November 26, 2020

Wikileaks #cablegate

It seems everyone in the blogosphere has an opinion of Wikileaks latest release of classified U.S. State Department cables. Adding one more voice to the mix, I come to this as someone who has spent the past four years going through the tedious process of getting these kinds of U.S. cables declassified through the legal route – the Freedom of Information Act.

When you begin, the process itself is utterly overwhelming. But once you do a few requests, you get the hang of the system and it becomes manageable. Especially so if you have, like I’ve had, the help of people who work this declassification process fulltime. And when you are trying to get similar sorts of paperwork out of other bodies that have no workable formal system – the UN for example – – you start to develop a solid appreciation for the fact that the U.S. does at least have an established pathway through which you can make declassification requests.

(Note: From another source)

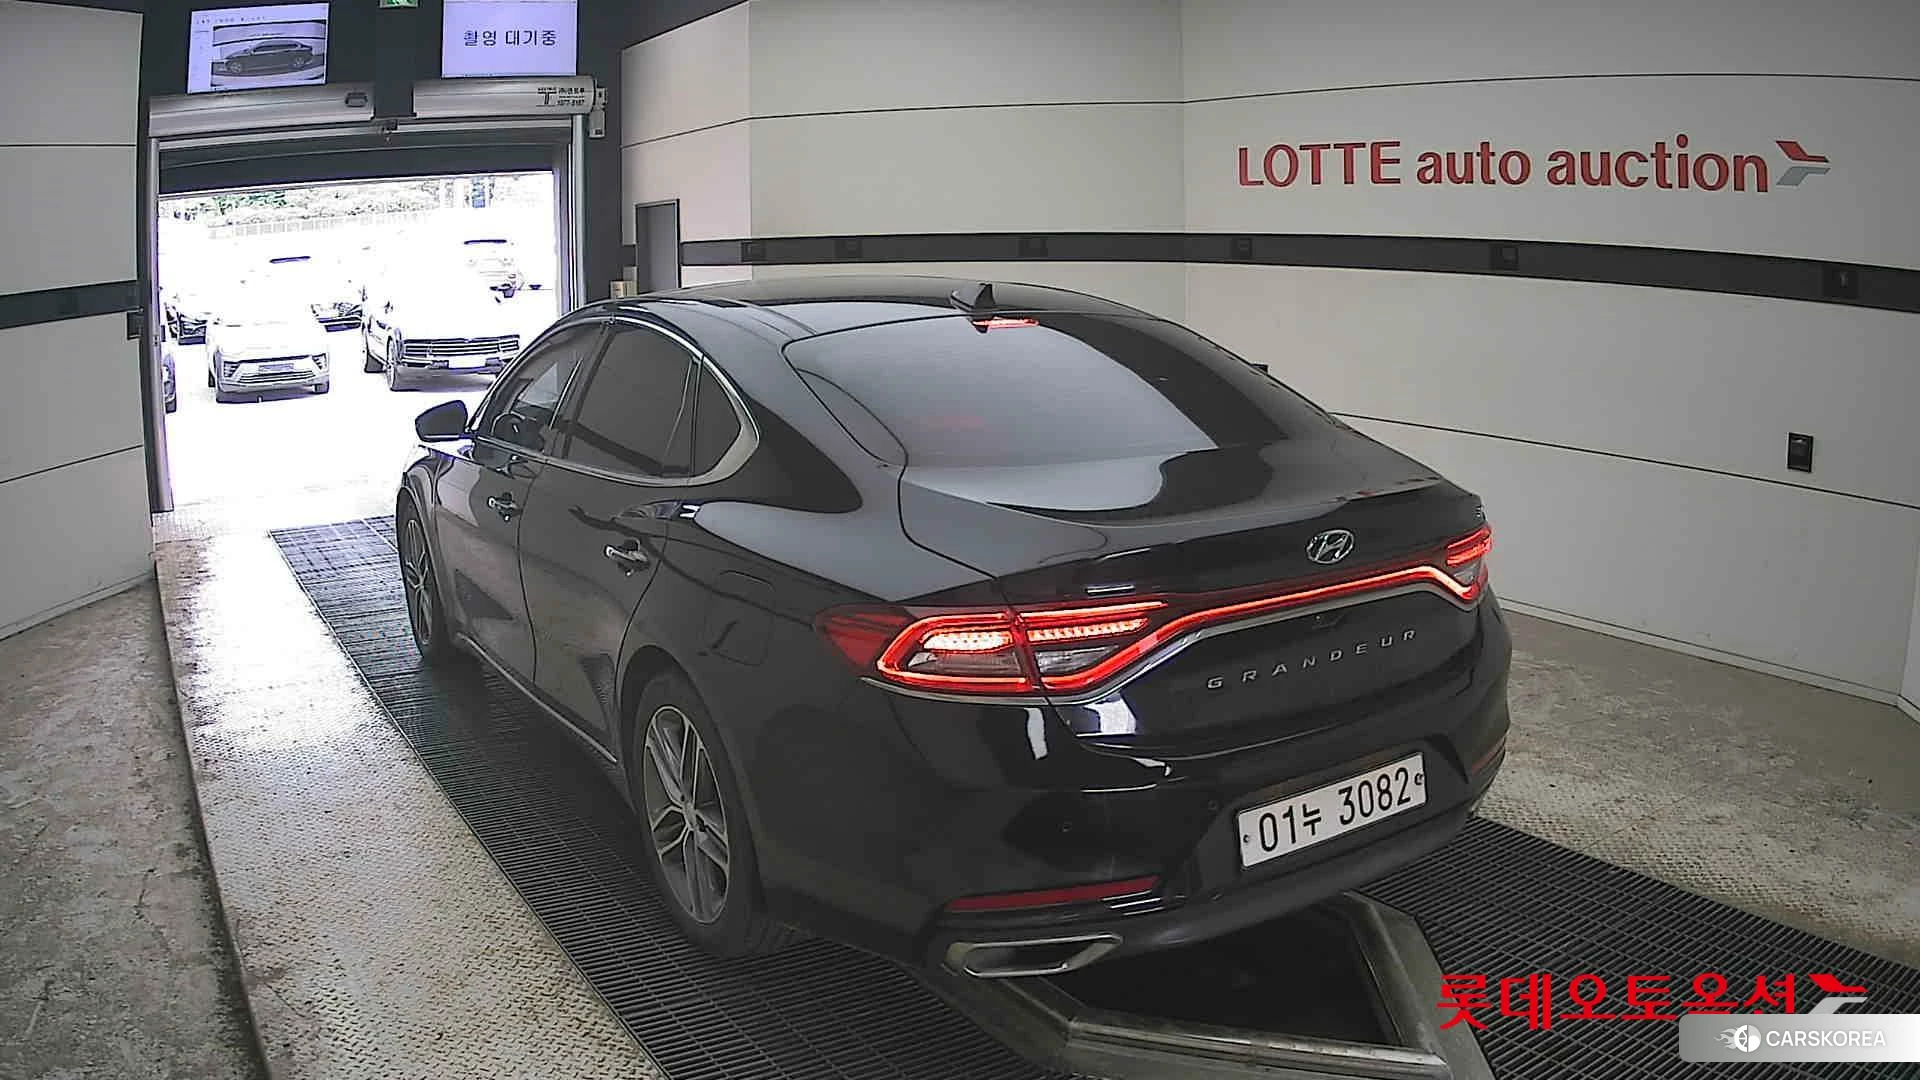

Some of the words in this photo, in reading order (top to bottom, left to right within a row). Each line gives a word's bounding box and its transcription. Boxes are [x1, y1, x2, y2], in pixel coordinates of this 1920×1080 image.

Is the process frustrating? Yes. Firstly it’s excruciatingly slow: There are documents I requested in 2006 that didn’t come through until 2010 (in some cases by the time they came through the information “declassified” in them had been fully available in the public realm for years) and I expect I’ll still be receiving documents long after Fighting for Darfur has gone out of print. Secondly it’s over-cautious (charitably phrased). Often names that have been redacted are names that you can identify from the rest of the cable’s context, and in many such cases I have found that the redactions cover information that I already had from interviews. Parenthetically, the FOIA system needs someone with an environmental conscience to overhaul it – I’ve lost count of the number of times I’ve been sent a “declassified” document with a few words on the first page followed by as many as ten blank pages, with the bottom of the final page left to state redundantly “END.”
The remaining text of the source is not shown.